— Activity —
Beginning with the line that contains "this 1456×1294 image.", reproduce every line through the end of the records below exactly, and leave the pictures out.

[Input data]

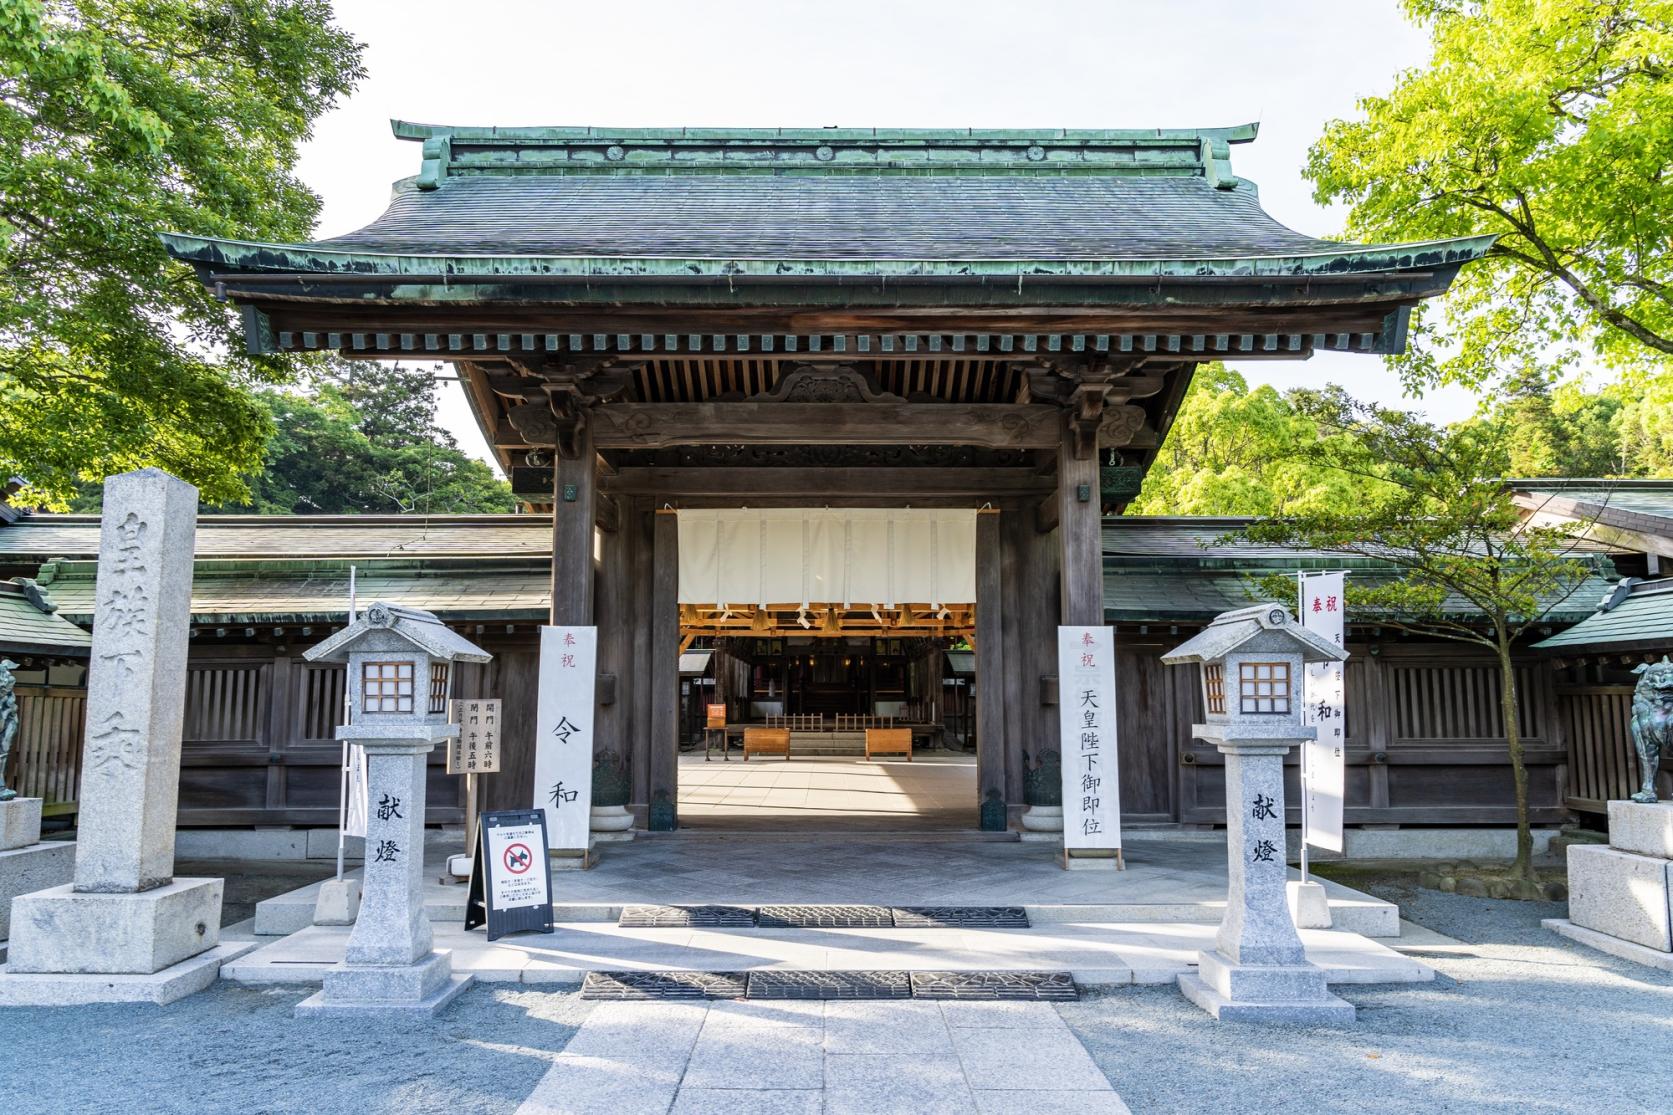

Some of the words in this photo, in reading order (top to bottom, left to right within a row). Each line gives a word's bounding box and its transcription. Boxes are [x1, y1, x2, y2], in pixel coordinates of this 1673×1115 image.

[1312, 595, 1338, 614] 奉祝
[560, 632, 576, 668] 奉祝
[1080, 631, 1096, 667] 奉祝
[549, 716, 582, 809] 令和
[1080, 689, 1102, 836] 天皇陛下御即位
[375, 793, 403, 862] 献燈
[1252, 793, 1278, 863] 献燈
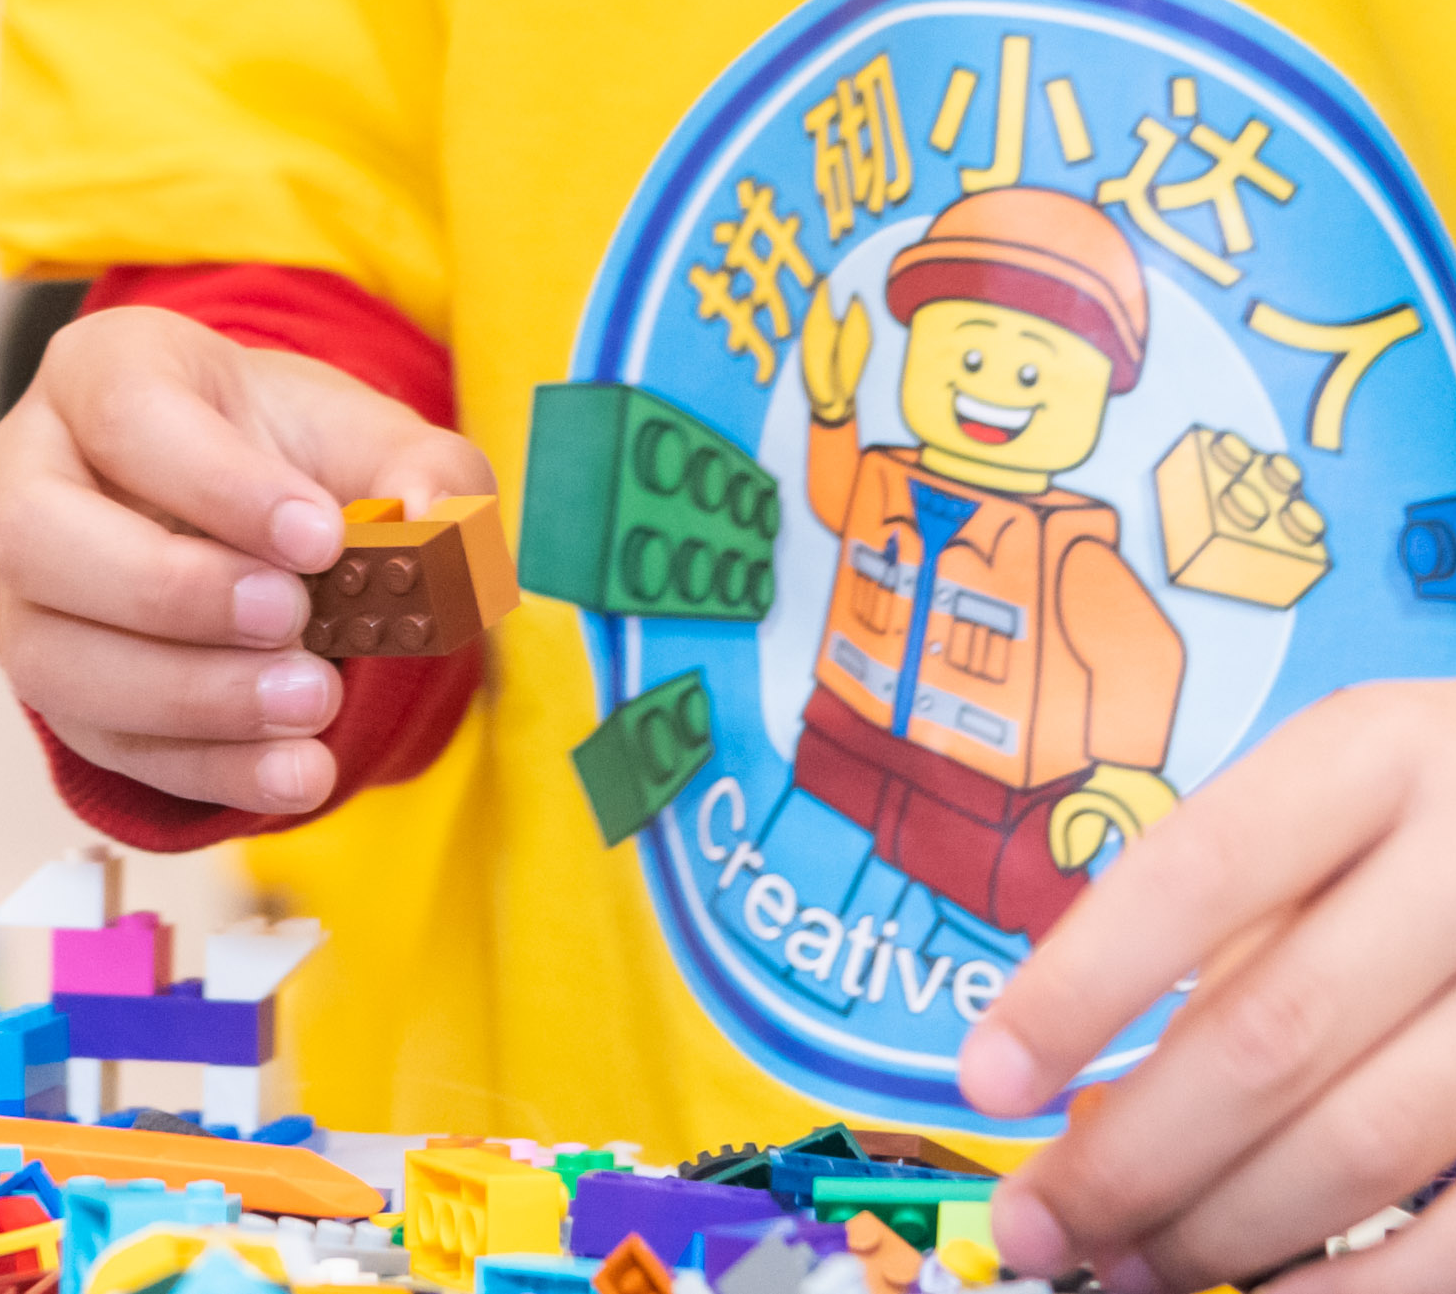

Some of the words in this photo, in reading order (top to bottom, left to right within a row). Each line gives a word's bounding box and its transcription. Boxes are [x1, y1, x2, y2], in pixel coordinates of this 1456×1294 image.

[689, 35, 1422, 452] 拼砌小达人
[697, 776, 1005, 1022] Creative
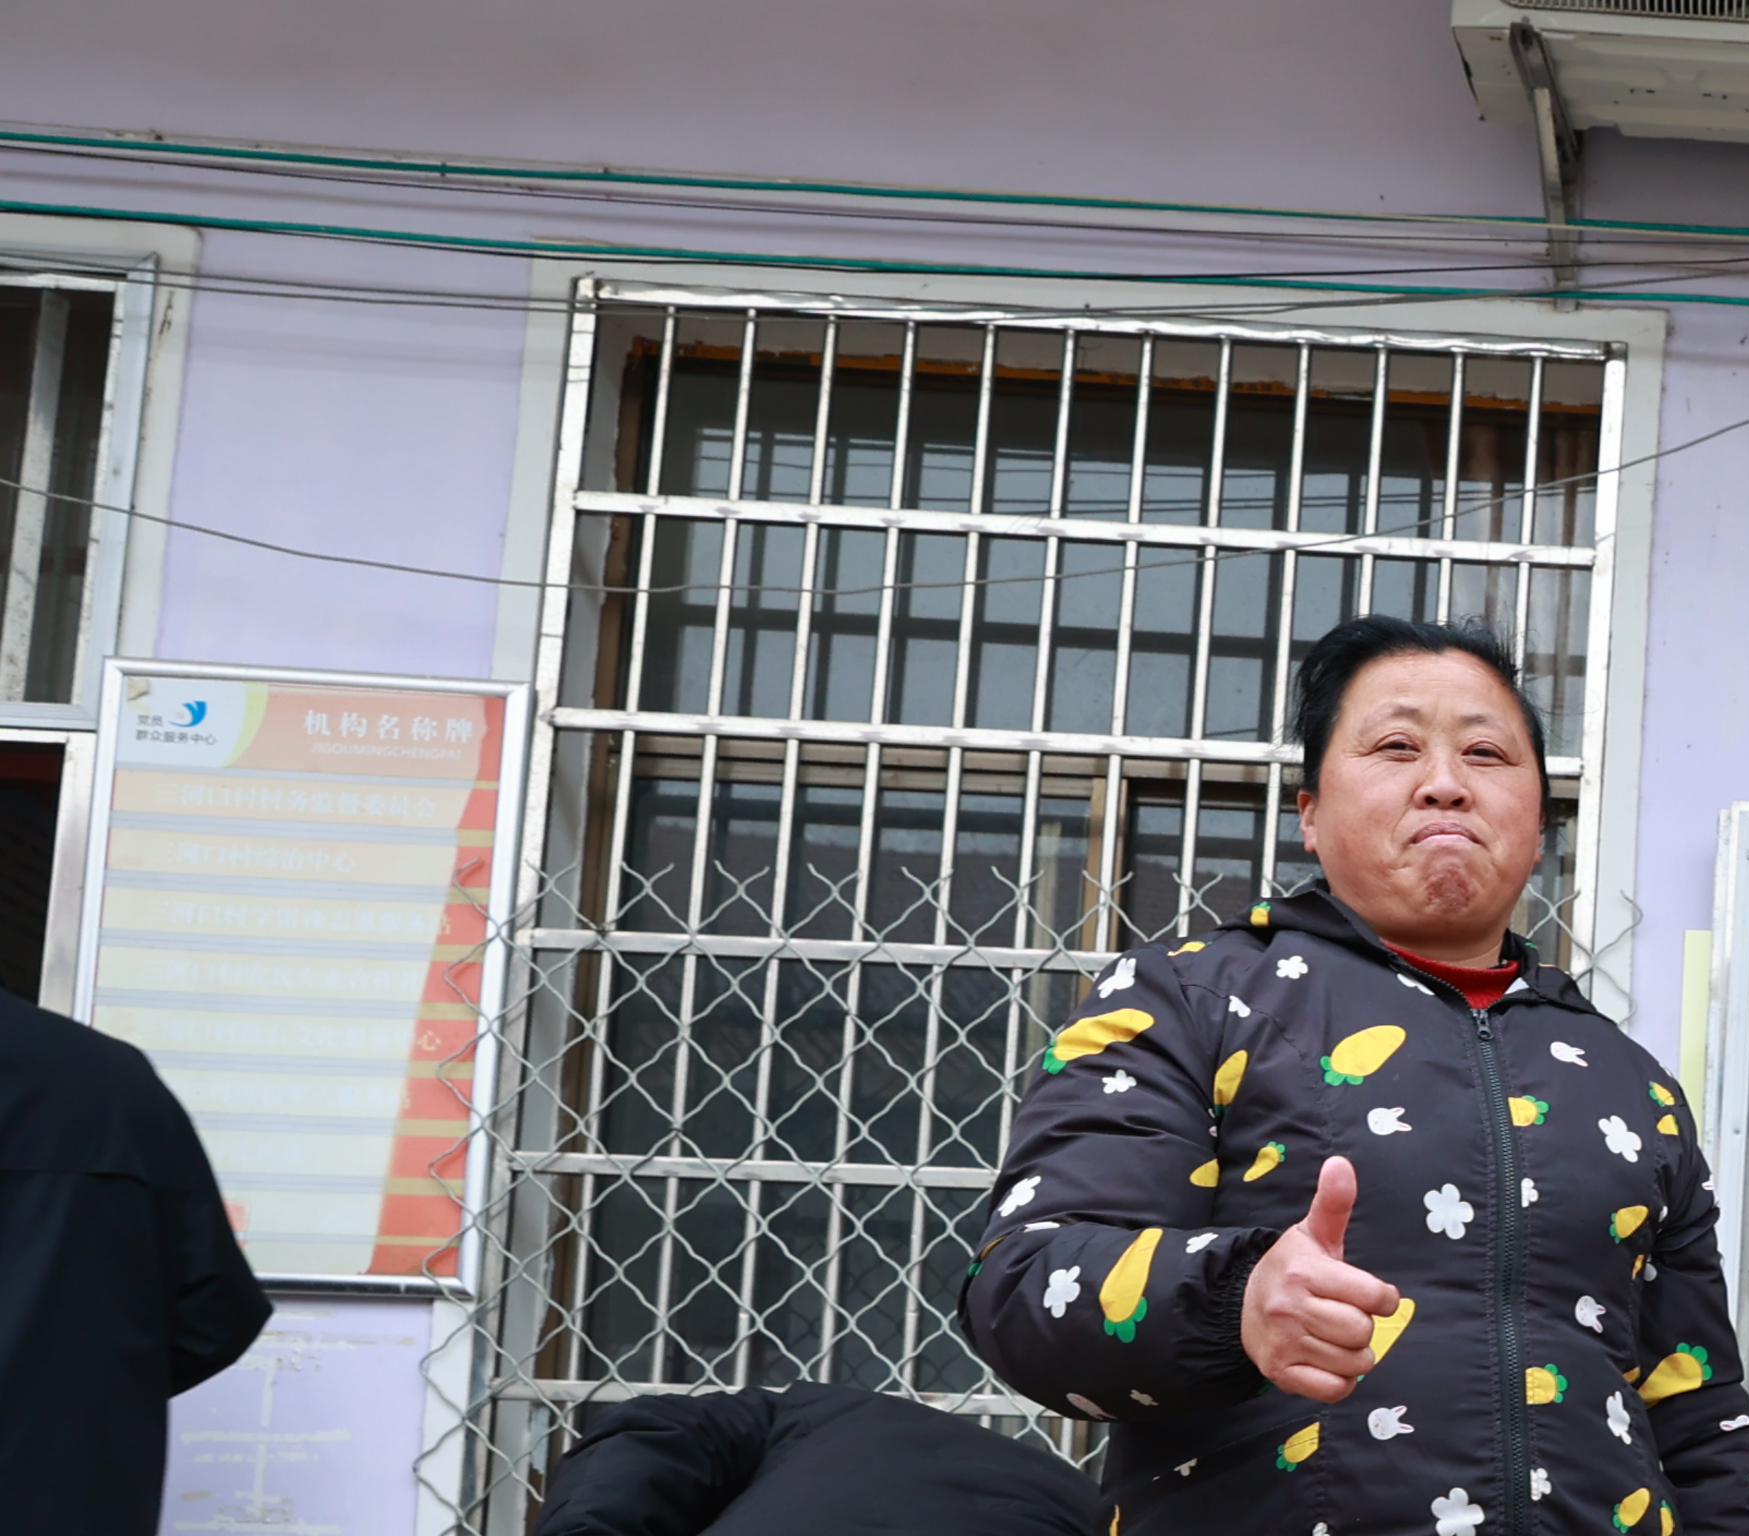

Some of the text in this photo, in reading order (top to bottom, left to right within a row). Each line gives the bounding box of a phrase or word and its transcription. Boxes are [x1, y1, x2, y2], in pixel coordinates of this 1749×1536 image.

[/Input data]

— Expected answer —
Some of the words in this photo, in reading order (top to bottom, left to right within a row). Each line gives a word's bounding box and its transcription. Boxes are [x1, y1, x2, y2], in pixel coordinates of this 1456×1294 image.

[689, 35, 1422, 452] 拼砌小达人
[697, 776, 1005, 1022] Creative

Some of the text in this photo, in reading order (top to bottom, left to right within a row). Each line gives the bounding box of a phrase or word and its transcription. Boxes are [x1, y1, x2, y2], in pixel coordinates of this 1749×1536 image.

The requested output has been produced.